Image-backed grounding data
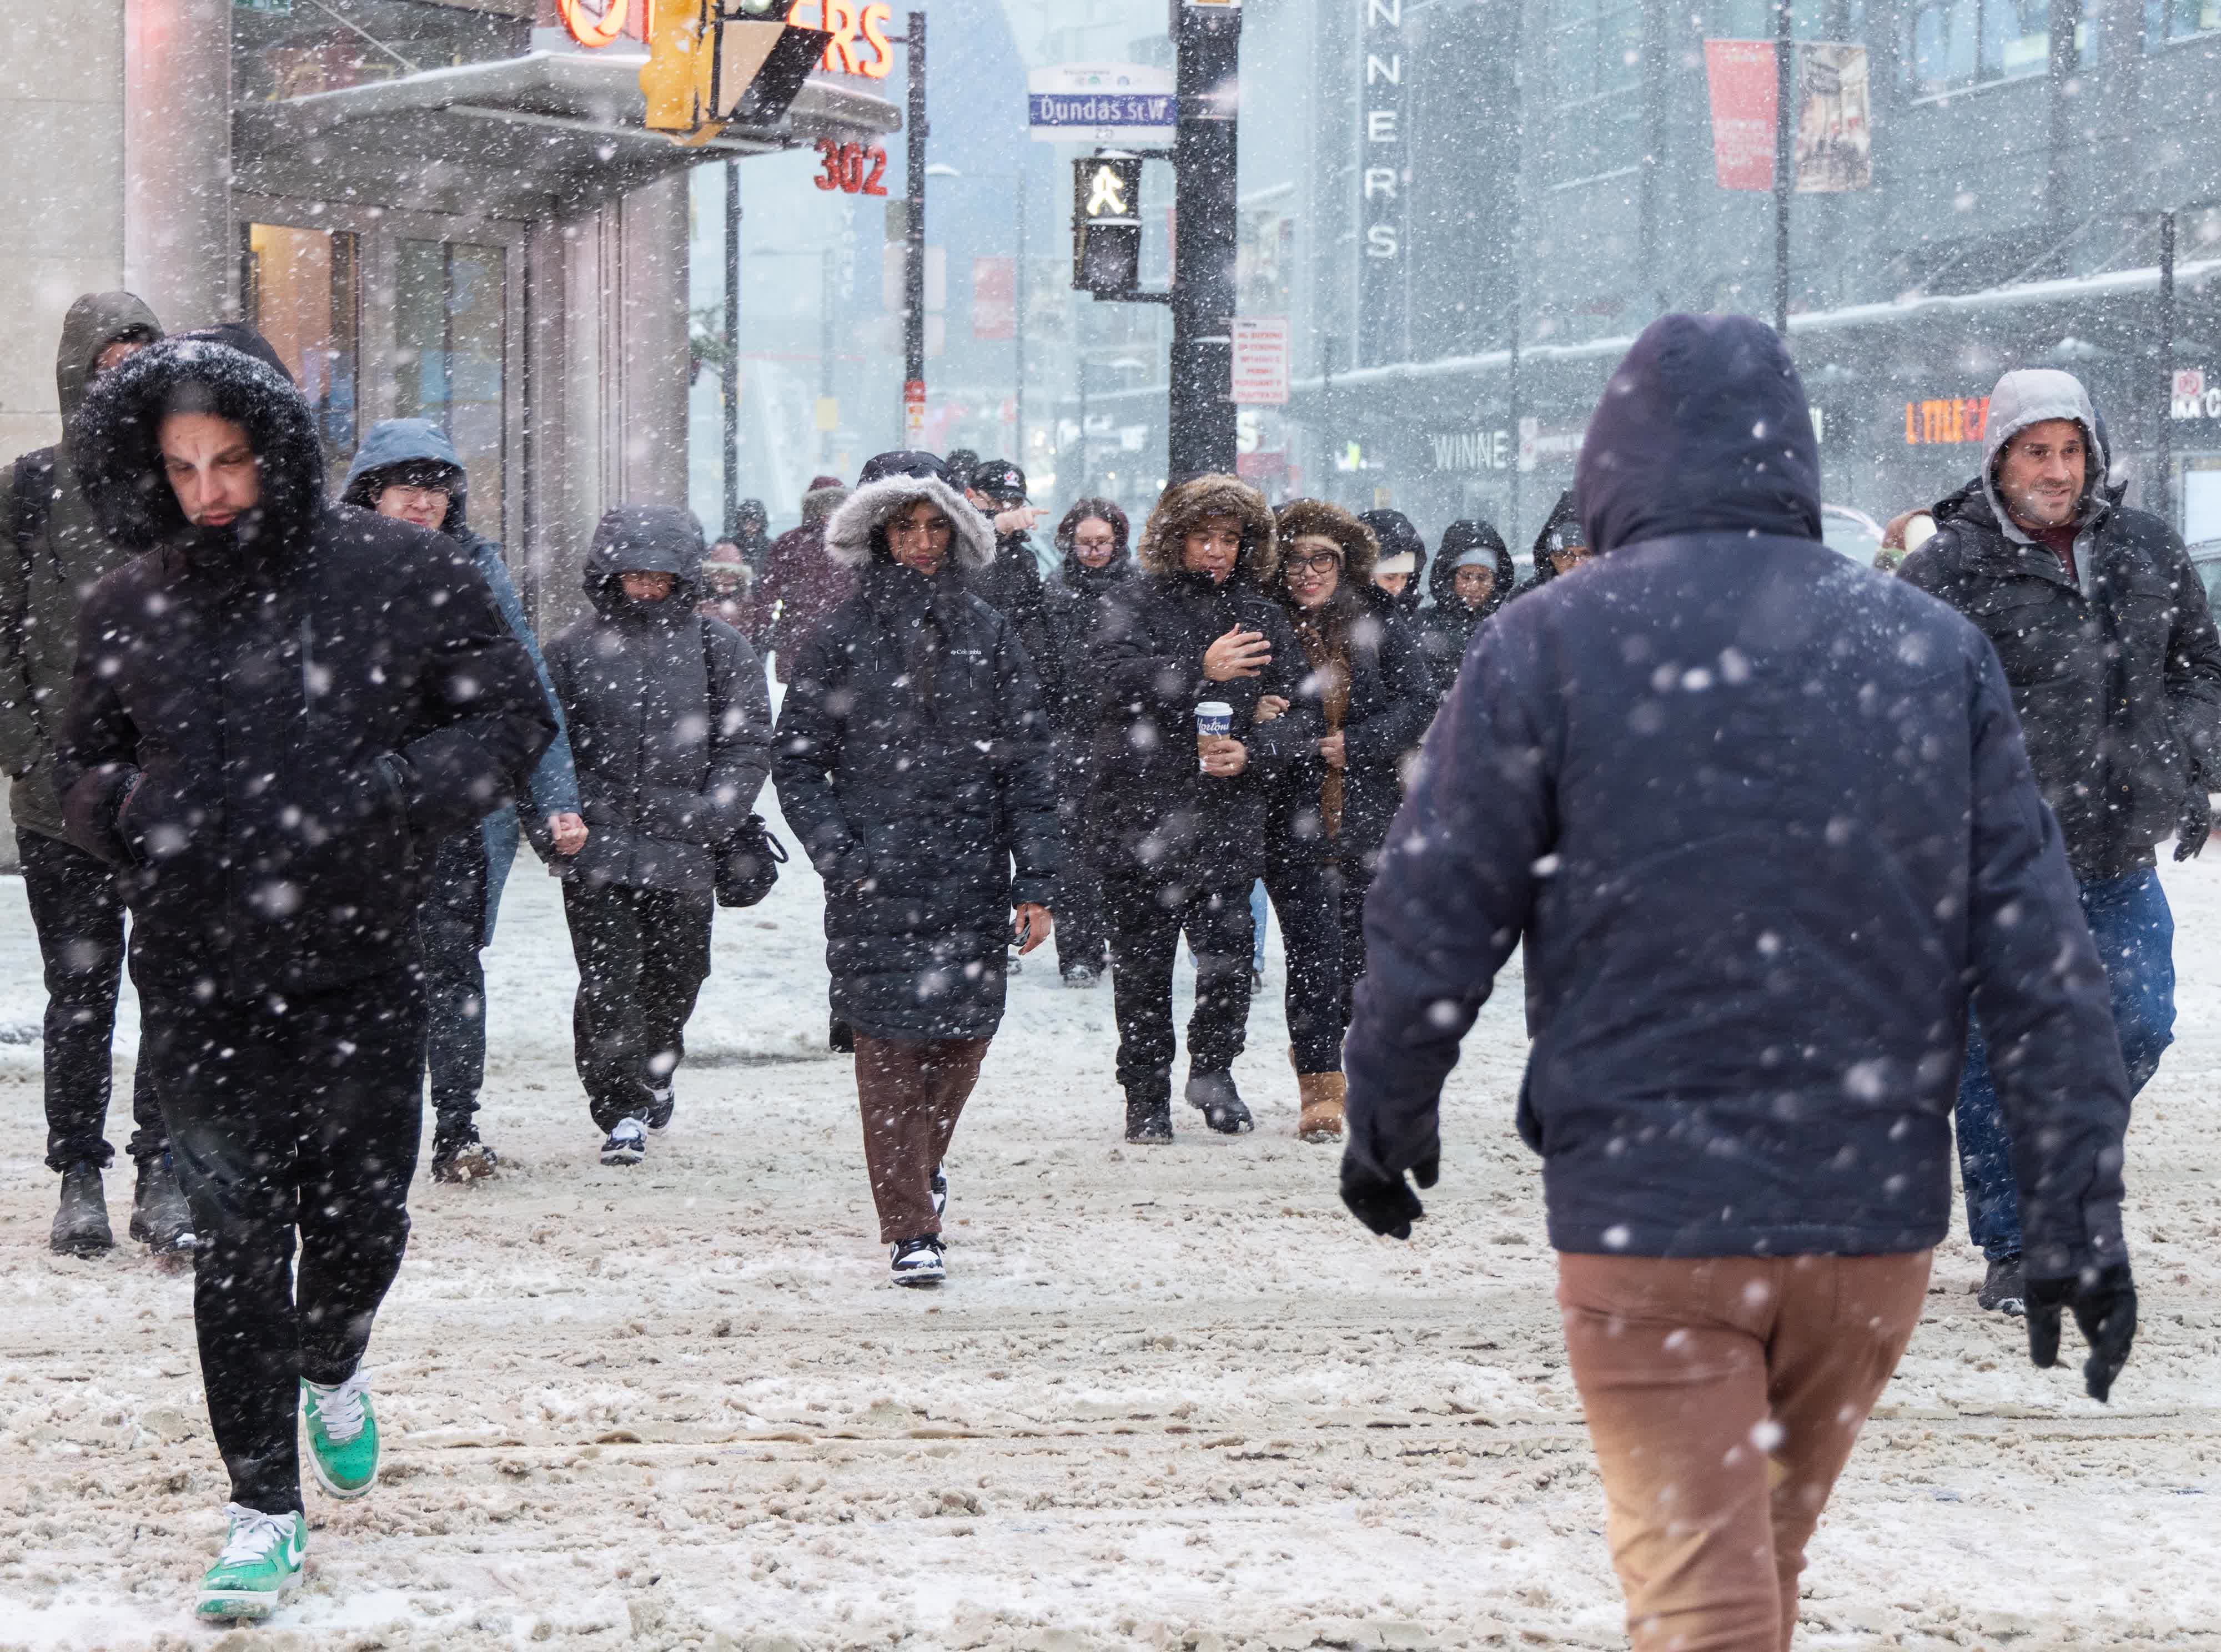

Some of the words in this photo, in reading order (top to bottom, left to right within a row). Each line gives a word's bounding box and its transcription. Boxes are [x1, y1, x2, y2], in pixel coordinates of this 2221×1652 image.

[1040, 97, 1122, 121] Dundas
[1127, 100, 1145, 120] St
[1147, 97, 1168, 120] W
[814, 138, 888, 195] 302
[1434, 430, 1509, 471] WINNE

The problem =
In your copy of the records above, include every line exactly but no pictures.

Exercise result =
Some of the words in this photo, in reading order (top to bottom, left to right within a row). Each line gives a word's bounding box and its transcription. Boxes are [x1, y1, x2, y2], in pixel coordinates of this 2221×1652 image.

[1040, 97, 1122, 121] Dundas
[1127, 100, 1145, 120] St
[1147, 97, 1168, 120] W
[814, 138, 888, 195] 302
[1434, 430, 1509, 471] WINNE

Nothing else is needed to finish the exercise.